Ipek Cem: Having to do with regulations?


Mikhail Saakashvili: Having to do with corruption of Georgian officials, having to do with taxes, having to do with disorder and absence of law in Georgia. And now I only hear success stories. This is a big change. And that’s what really matters. That’s why it was so important to me, establish Georgia as a business friendly, strong government as well as a non-corrupt economy, and somebody who is very open to the Turks.


Ipek Cem: Three years ago, when you were first starting out as President, in one of your first interviews you said something like, “I am ready to clean up the mess”. Meaning that Georgia at that point had lots of problems, that you even in you Government had to face them as minister, corruption and other problems. Now looking at your starting point and where you are now, clearly you’ve mentioned the progress you have made, but have you come across some stumbling blocks that you weren’t anticipating?


Mikhail Saakashvili: Well I mean… in terms of corruption as I told you now we are also saying that the World Bank Report that in all transitional economies we are the number one fighters in the world of corruption. Number one in terms of speed of progress. This is a huge issue, because this was one of the worst countries in terms of corruption.


Ipek Cem: How did you achieve it?


Mikhail Saakashvili: Well, I think we have been very radical. We fired the whole traffic police that really sunk a lot of Turkish truck drivers all this time, and now as a result we have five times the increase of truck traffic through Georgia, because nobody else is stopping them. We are very tough on Government officials. We are still very tough on Government officials, not only previous ones, but even today a number of them were arrested for corruption. We dramatically increased the salaries of the officials, we repaired their offices. They sit in much nicer offices you know, and there are much more checks and controls. And if you look at the index of corruption, the Government budget of Georgia has been increased almost nine times for three years. And that’s the index of corruption. Of course the growth of the economy has been less, I mean last year it was a little bit less than ten percent, we expect at least ten percent this year, but the budget has grown almost nine times – nine hundred percent. And that comes from decreased corruption. And that’s how we’ve been worked up. We were tough and we had a systematic approach and we were transparent, and we also mobilised the public for this respite. And so what it really proved is that there are no cultures that are inherently corrupt, there are just the governments that are good or bad. Efficient or inefficient. Of course there are still problems. I mean the old habits die hard, this is a problem. This trade embargo didn’t help, obviously.
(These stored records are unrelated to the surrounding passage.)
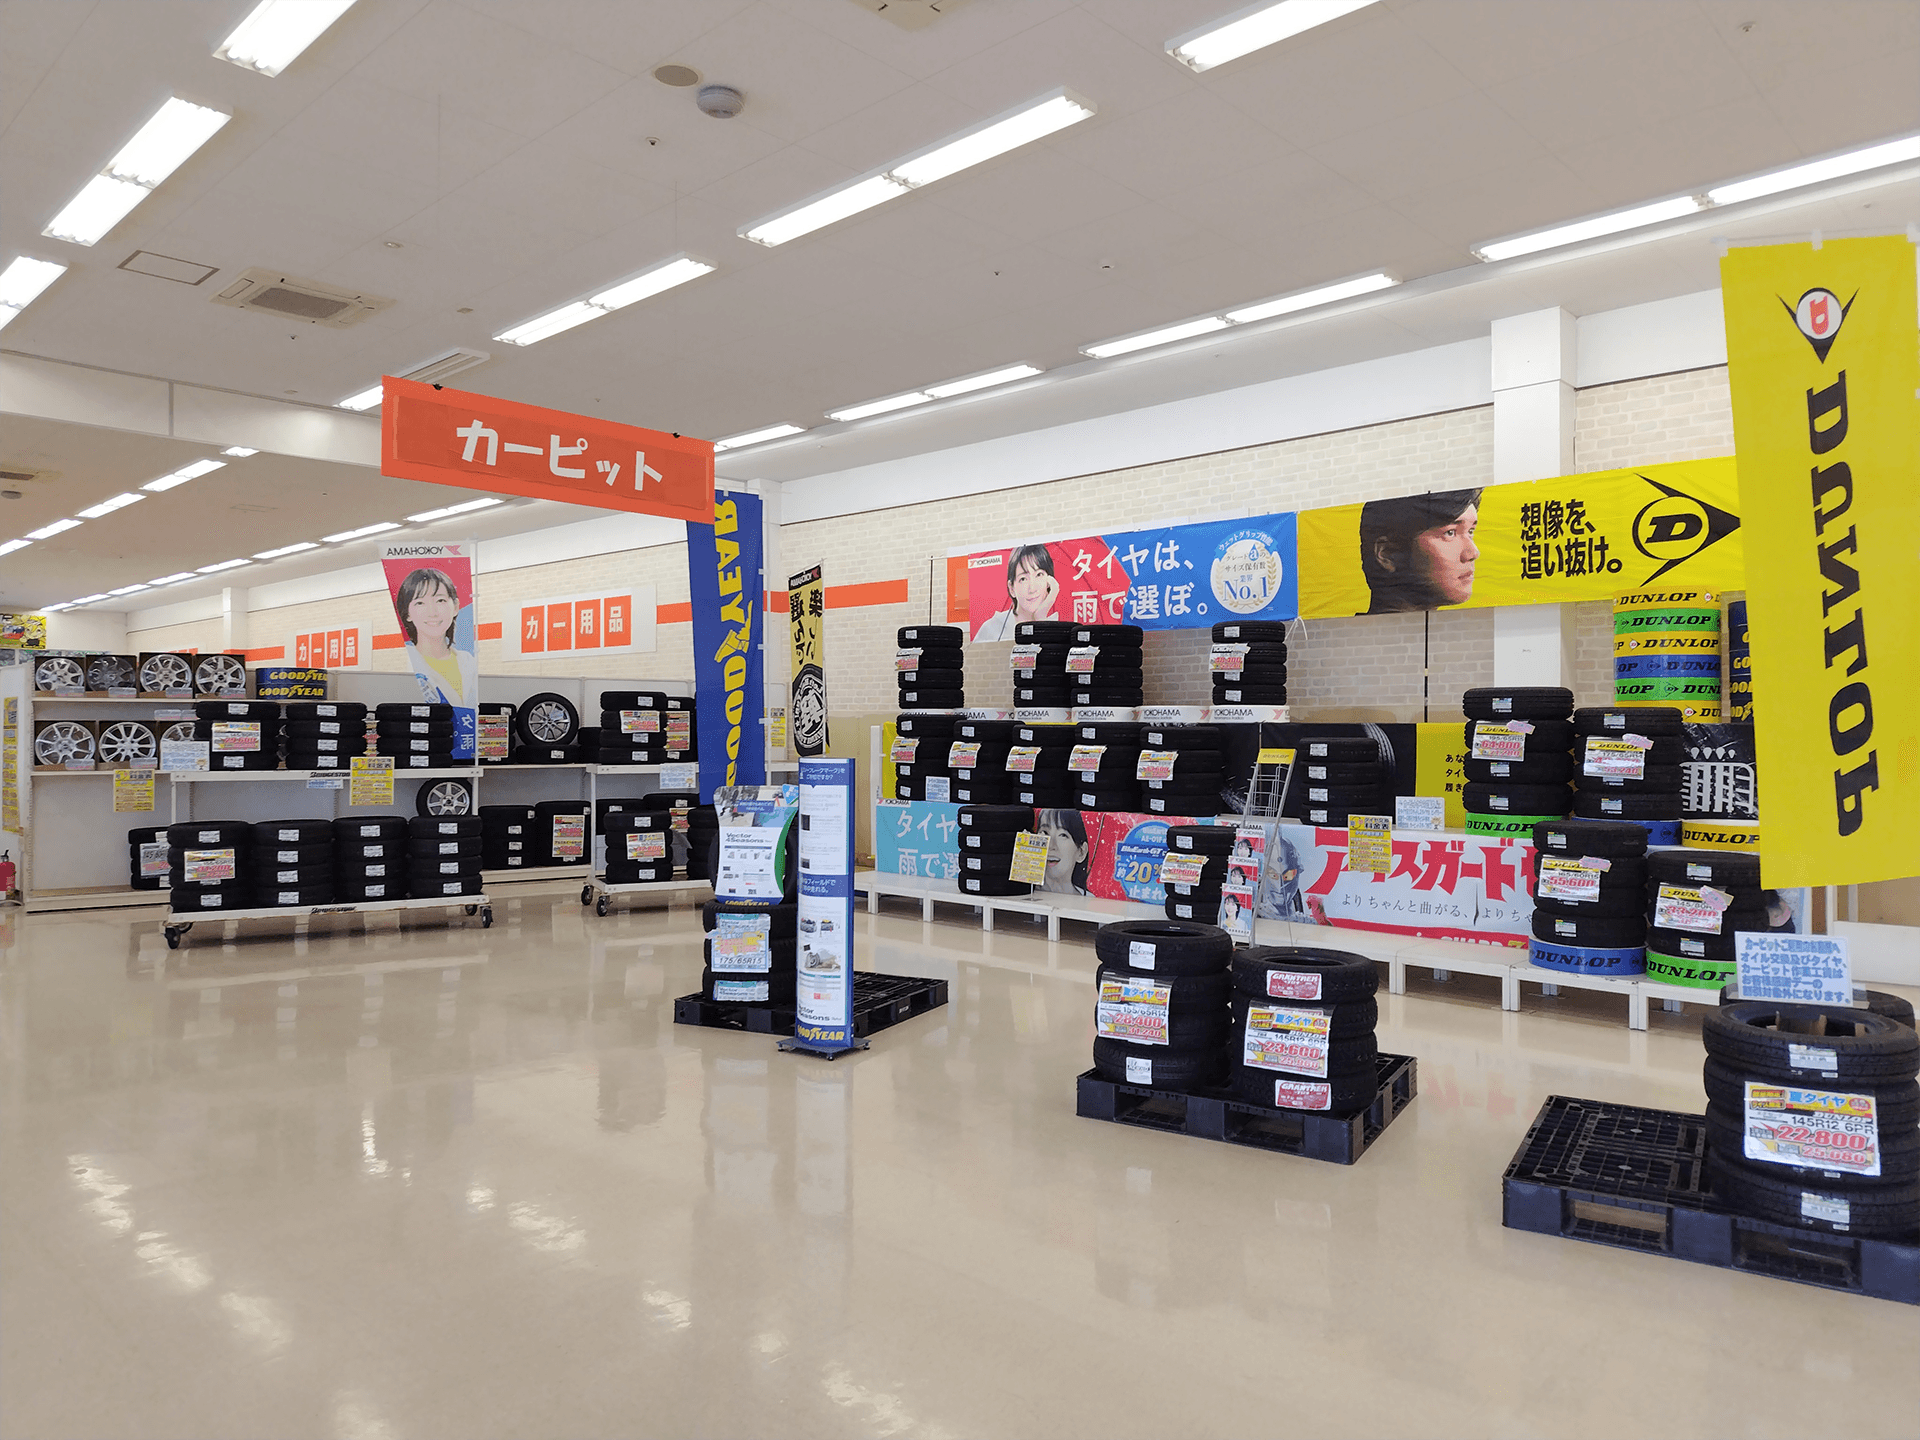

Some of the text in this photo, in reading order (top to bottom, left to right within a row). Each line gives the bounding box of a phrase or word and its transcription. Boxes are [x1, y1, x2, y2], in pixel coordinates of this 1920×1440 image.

[456, 419, 663, 491] カーピット
[1520, 499, 1596, 541] 想像を、
[1072, 540, 1194, 580] タイヤは、
[1520, 536, 1623, 580] 追い抜け。
[1222, 576, 1269, 601] No.1
[1620, 592, 1697, 606] DUNLOP
[1071, 582, 1208, 623] 雨で選ぼ。
[525, 605, 622, 640] カー用品
[1631, 615, 1711, 626] DUNLOP
[298, 636, 356, 662] カー用品
[1643, 638, 1719, 648] DUNLOP
[259, 685, 324, 698] GOODYEAR
[897, 810, 957, 843] タイヤ
[1342, 893, 1469, 920] よりちゃんと曲がる、
[1535, 949, 1621, 967] DUNLOP
[1123, 1006, 1167, 1017] 155/65R14
[1792, 1116, 1875, 1135] 145R12 6PR
The existing conflicts, the frozen ones don’t help. This is like a big handicap when you are running somewhere with weights on you legs, but on the other hand we managed to cope with it, and to find some internal force to move forward and to move away, shun the things that we are not totally in control and we are in control and we are in charge.


Ipek Cem: I’d like to get to the topic of – two existing topics – South Ossetia and Abkhazhia and your recent UN speech addressed them.  However at the UN Security Council the plea of Georgia to talk, to hold direct talks (to resolve the conflict) was not accepted… So is it going the way you want? Are you getting enough international support for these issues?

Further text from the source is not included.